Foreword by Robert Jordan
Sometimes fans ask me whether I mean to write prequels to The Wheel of Time. While some requests are
for books about The Trolloc Wars or the rise and fall of the High King, Artur Hawking, or the life
histories of various characters, the most frequent are for books about the AOL and its end in the War of
the Power, and the most often asked question is, I believe, "Why, when the greatest feats of the Age of
Legends were done by men and women working together with the One Power, was the final attack on
Shayol Ghul carried out by men alone?" At present I do not intend to write any of those books, but I
won't say that a story or two might not creep out eventually. I do not normally do short fiction. My editor
claims that for me, a short story means fifty thousand words. As for the question, though...I hope that
those fans (and the rest of you) will be satisfied for the time with what follows, a fictional bit of
"non-fiction," a piece from an Age called the Third Age by some, an Age yet to come, an Age long past...

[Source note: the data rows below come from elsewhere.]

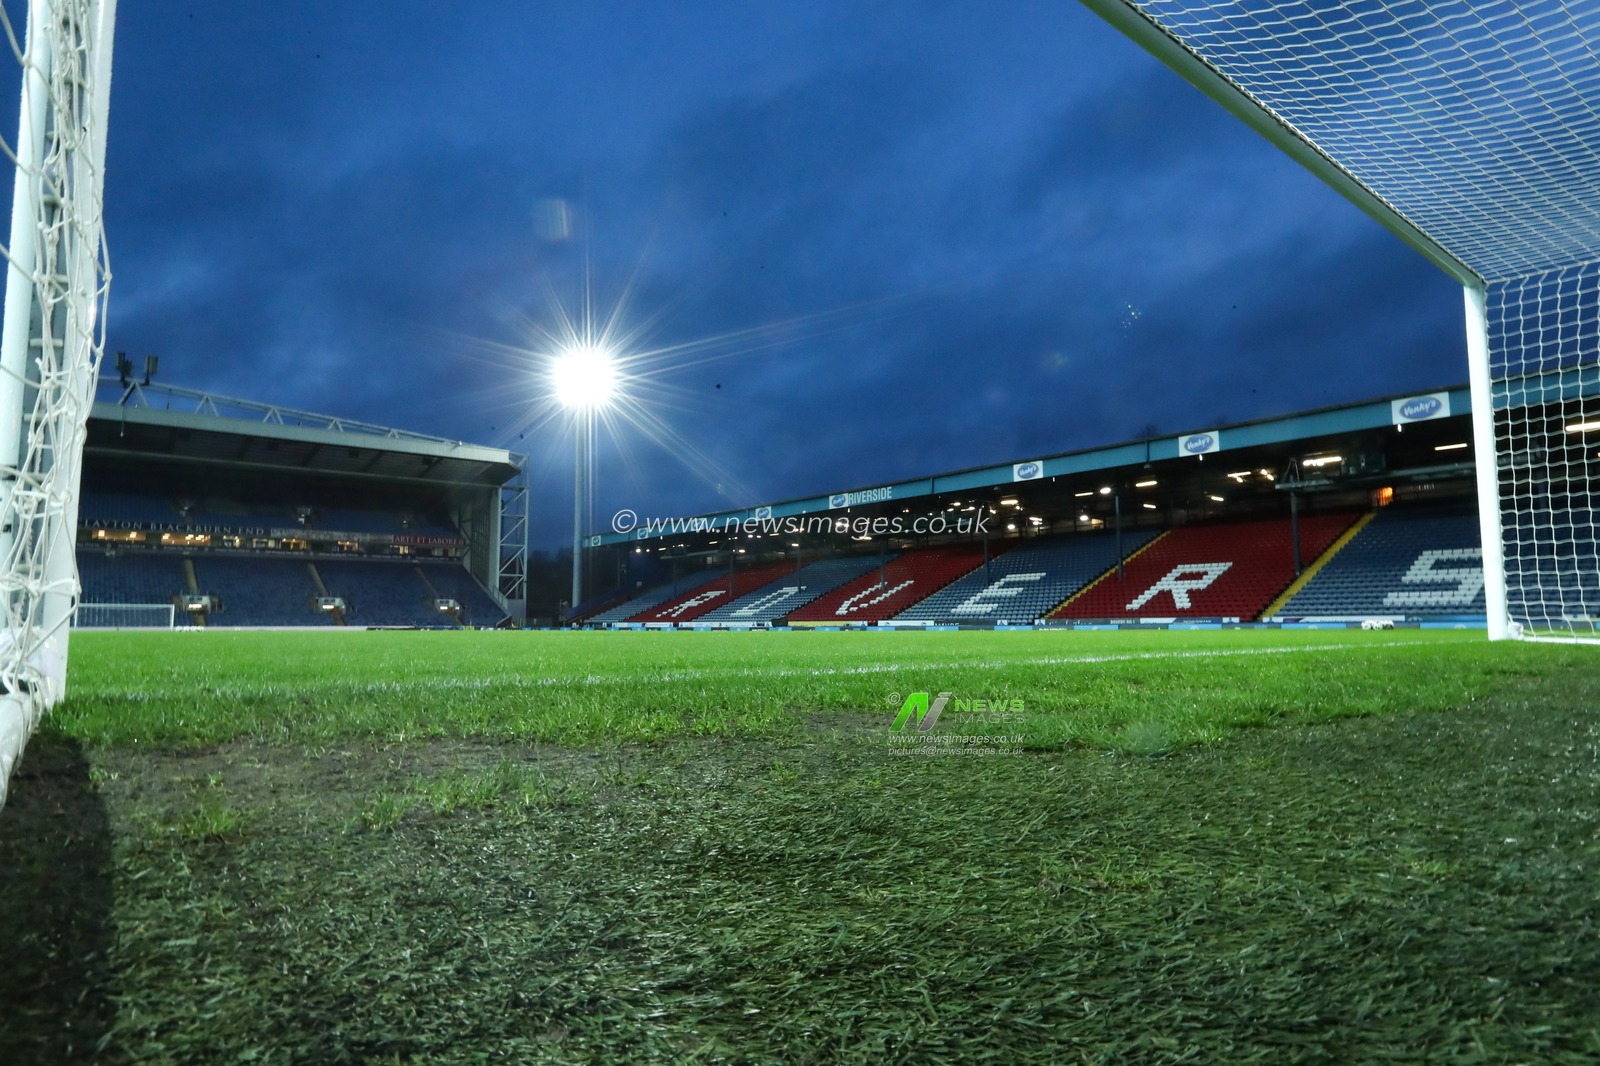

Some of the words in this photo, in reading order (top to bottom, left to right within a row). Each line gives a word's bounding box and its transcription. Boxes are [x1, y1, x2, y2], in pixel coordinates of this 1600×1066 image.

[1403, 399, 1438, 417] Venky's
[848, 486, 893, 505] RIVERSIDE
[150, 523, 232, 535] BLACKBURN
[238, 527, 265, 536] END
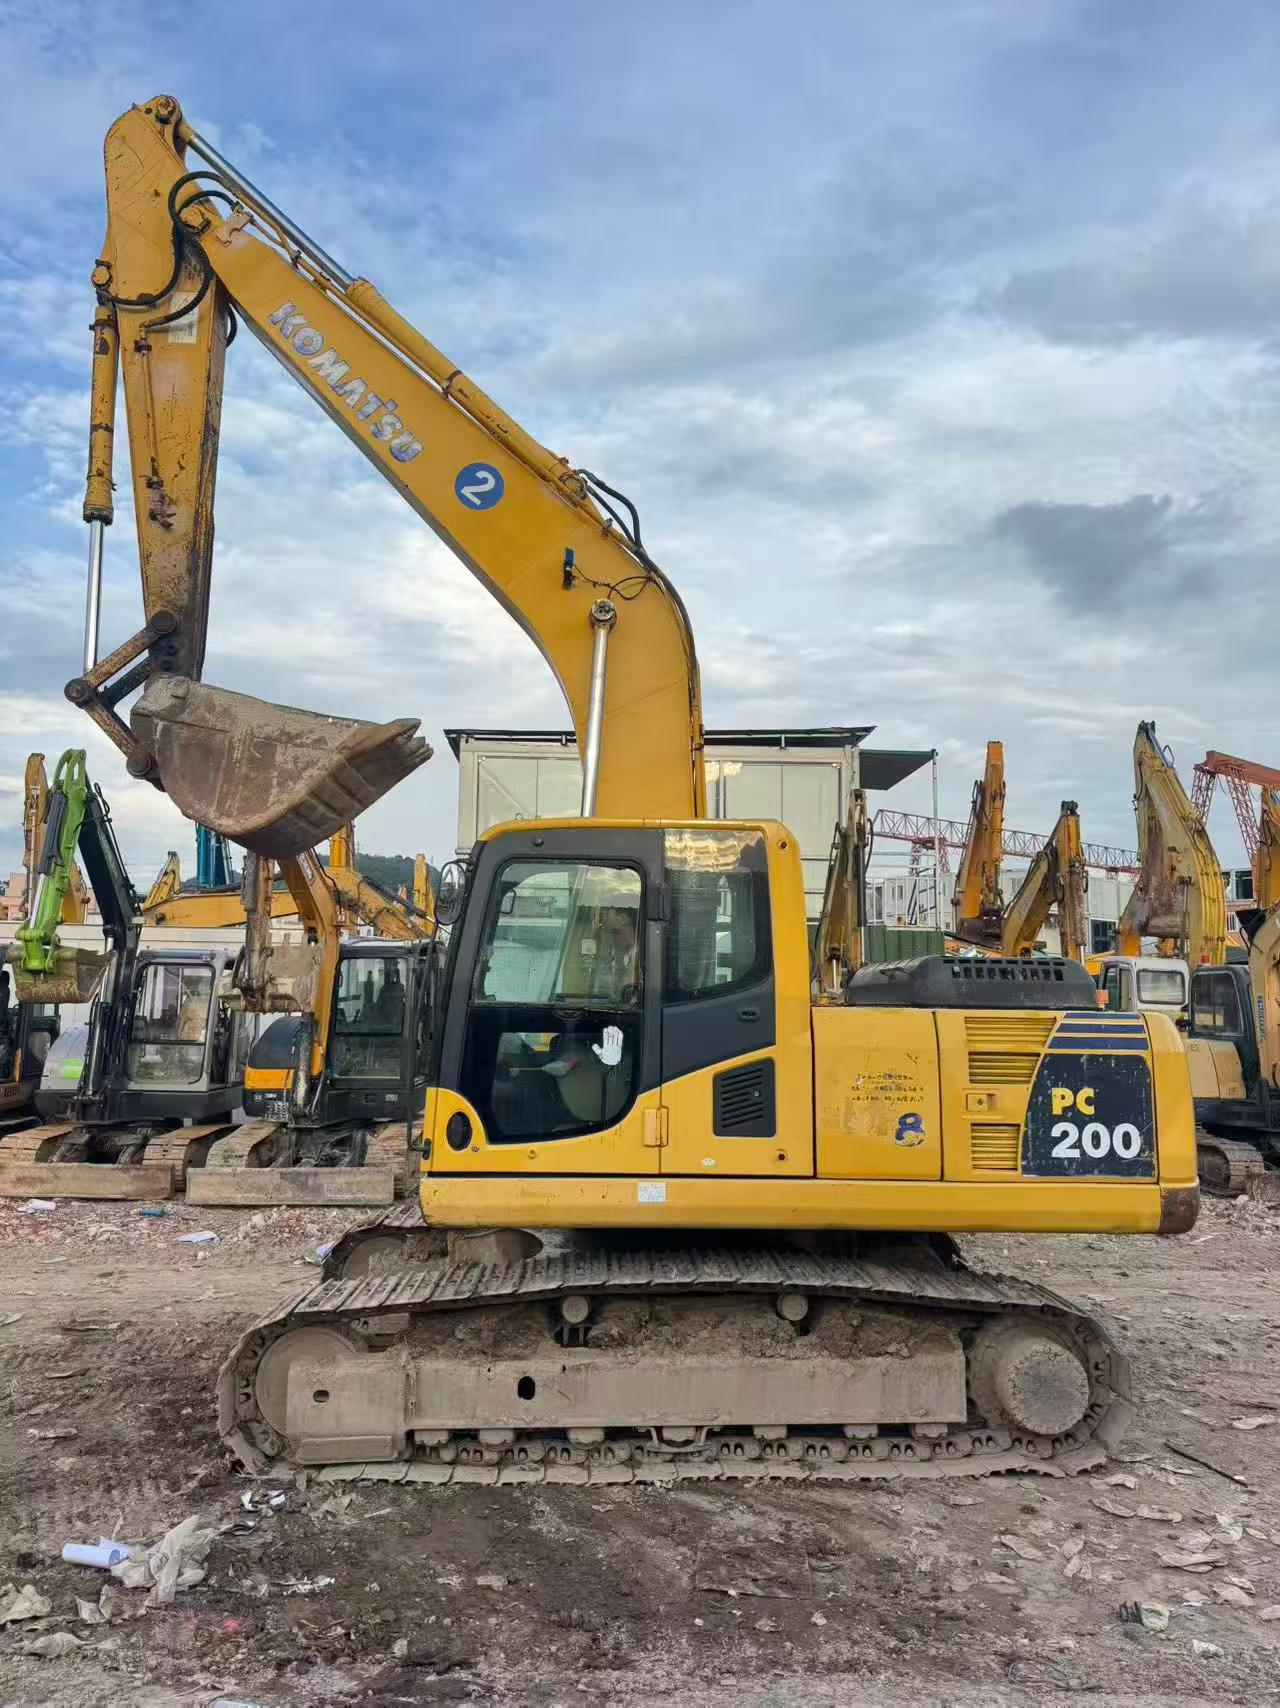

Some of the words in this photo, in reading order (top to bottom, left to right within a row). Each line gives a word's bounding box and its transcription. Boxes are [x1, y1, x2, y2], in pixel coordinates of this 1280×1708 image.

[268, 303, 424, 462] KOMATSU
[461, 471, 496, 506] 2
[1052, 1088, 1095, 1115] PC
[1051, 1122, 1141, 1159] 200

(A version of this will be included in An Illustrated Guide to The Wheel of Time, which will appear from
Tor in 1997.)

The Strike at Shayol Ghul
(A Preliminary Introduction)
by Jorille Mondevin,
Royal Historian to the Court of
Her Most Illuminated Majesty, Ethenielle Kirukon Materasu,
By the Blessing of the Light,
Queen of Kandor,
Protector of the Land,
Shield of the North,
High Seat of House Materasu.

One of the most important finds of recent years, perhaps since the Breaking, is a partial copy of no less
than a history of the world from the drilling of the Bore into the Dark One's Prison to the End of the
Breaking of the world. The original apparently dated from early in the First Century A.B. Despite the
extreme paucity of material from the entire first millennium after the Breaking, we can only be thankful
that the art of printing survived the Breaking of the World when so much else did not, and was indeed
practiced to some extent during the Breaking itself, though under severe and restricted conditions.
Considering the widespread destruction of The Trolloc Wars and the War of the Hundred Years, which
although far less than the near totality of the Breaking still saw cities, nations, and far worse, knowledge,
go to the fires, we must marvel at any writing that has survived more than three thousand years. What we
know is based on fragments, copied and recopied a thousand times, but at least we know something from
them. Even a little knowledge is better than ignorance.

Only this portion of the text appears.